Raw data:
[Start of Attachment]

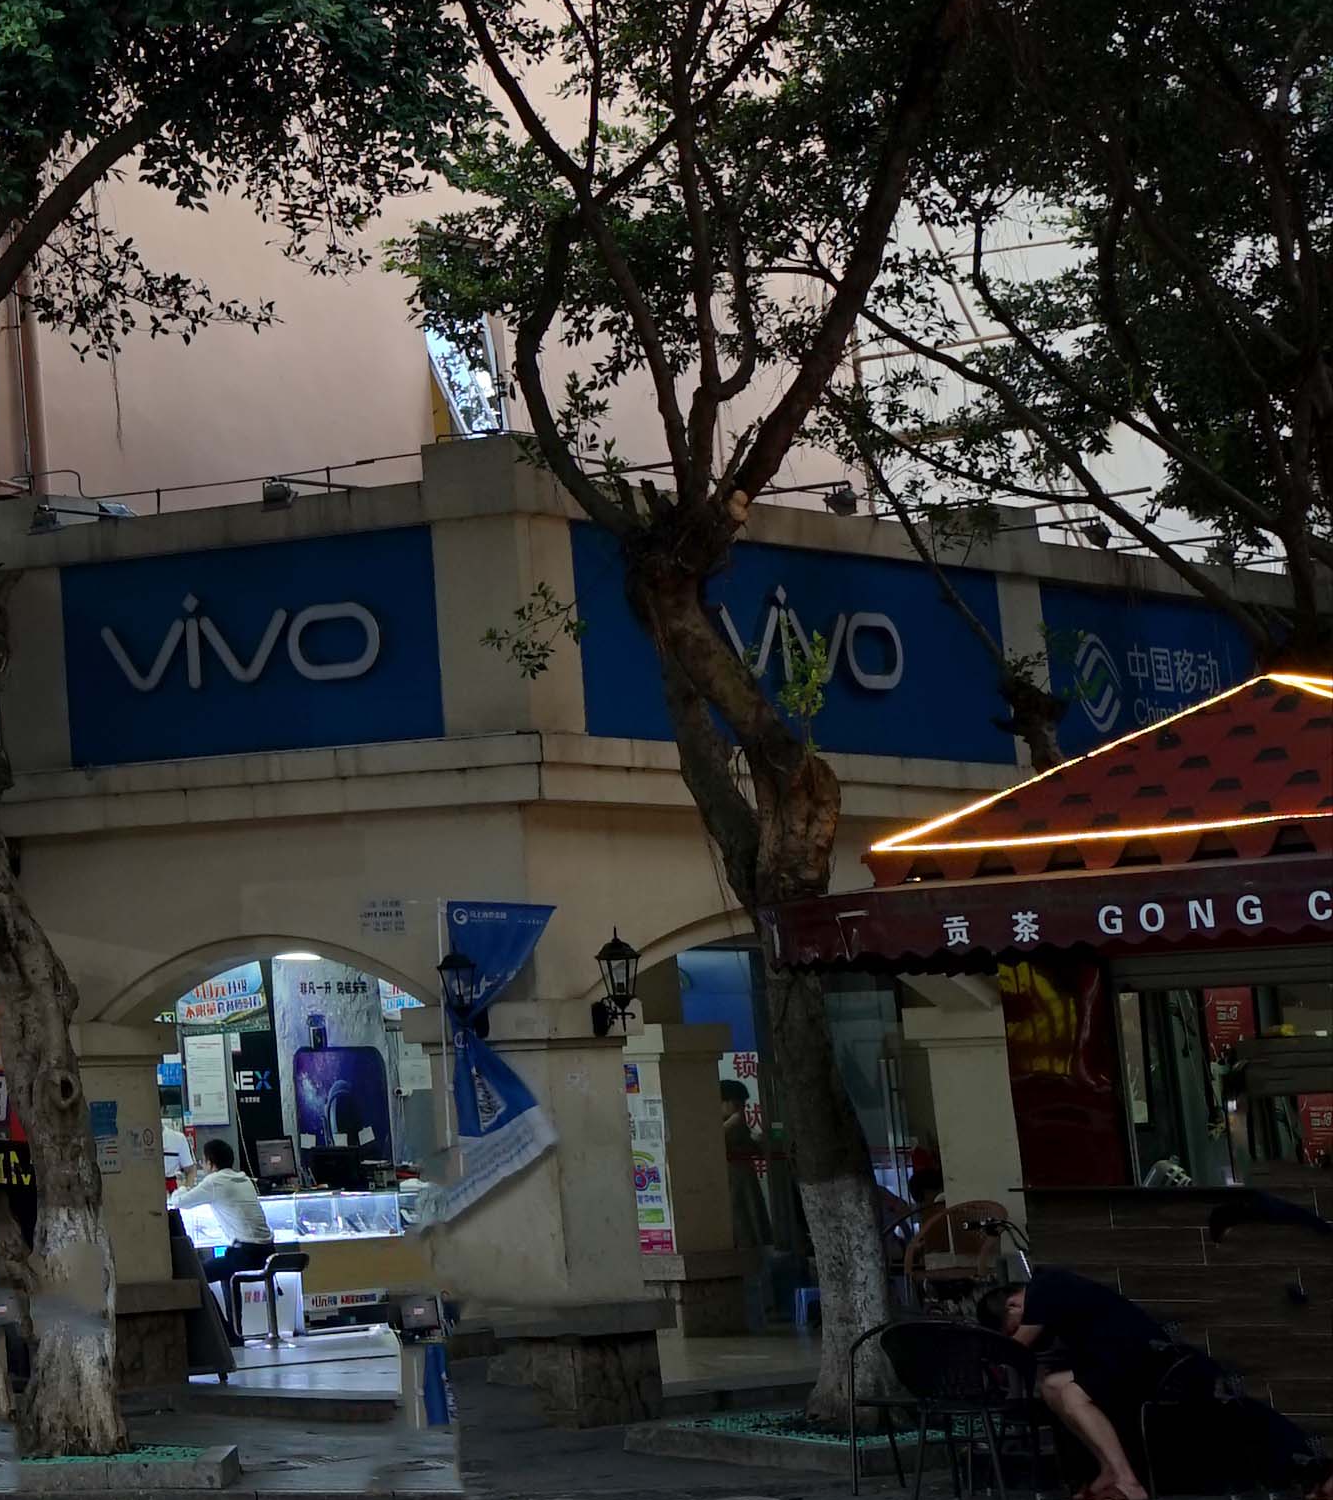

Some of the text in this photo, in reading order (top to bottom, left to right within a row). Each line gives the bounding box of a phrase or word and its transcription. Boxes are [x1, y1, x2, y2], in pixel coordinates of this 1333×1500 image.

[101, 593, 380, 692] vivo
[1126, 643, 1221, 695] 中国移动
[1097, 894, 1264, 935] GONG
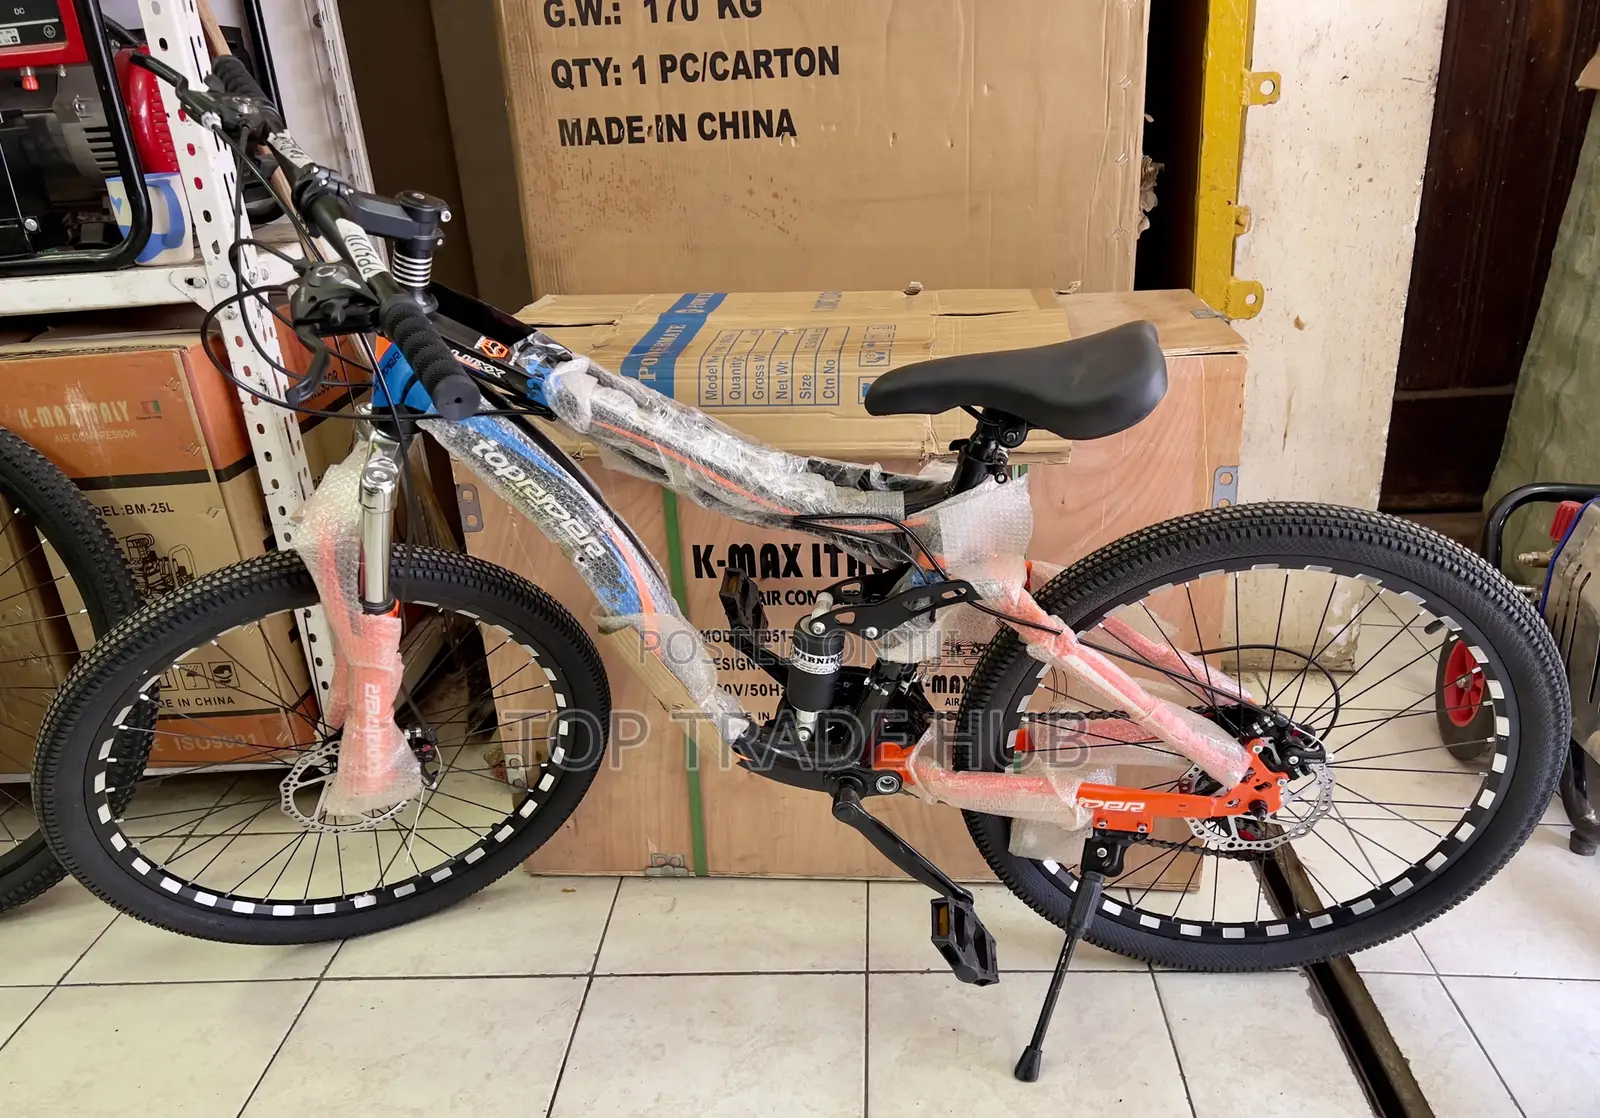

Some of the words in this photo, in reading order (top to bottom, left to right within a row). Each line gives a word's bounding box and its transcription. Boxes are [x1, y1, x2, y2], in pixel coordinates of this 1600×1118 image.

[End of Attachment]

About this exercise: Output the listing above exactly, excluding all pictures.

Answer space:
Some of the text in this photo, in reading order (top to bottom, left to right within a row). Each line gives the bounding box of a phrase or word and its transcription. Boxes are [x1, y1, x2, y2], in pixel coordinates of this 1333×1500 image.

[101, 593, 380, 692] vivo
[1126, 643, 1221, 695] 中国移动
[1097, 894, 1264, 935] GONG

Some of the words in this photo, in reading order (top to bottom, left to right within a row). Each line gives a word's bounding box and its transcription. Boxes are [x1, y1, x2, y2], in pixel coordinates of this 1600×1118 image.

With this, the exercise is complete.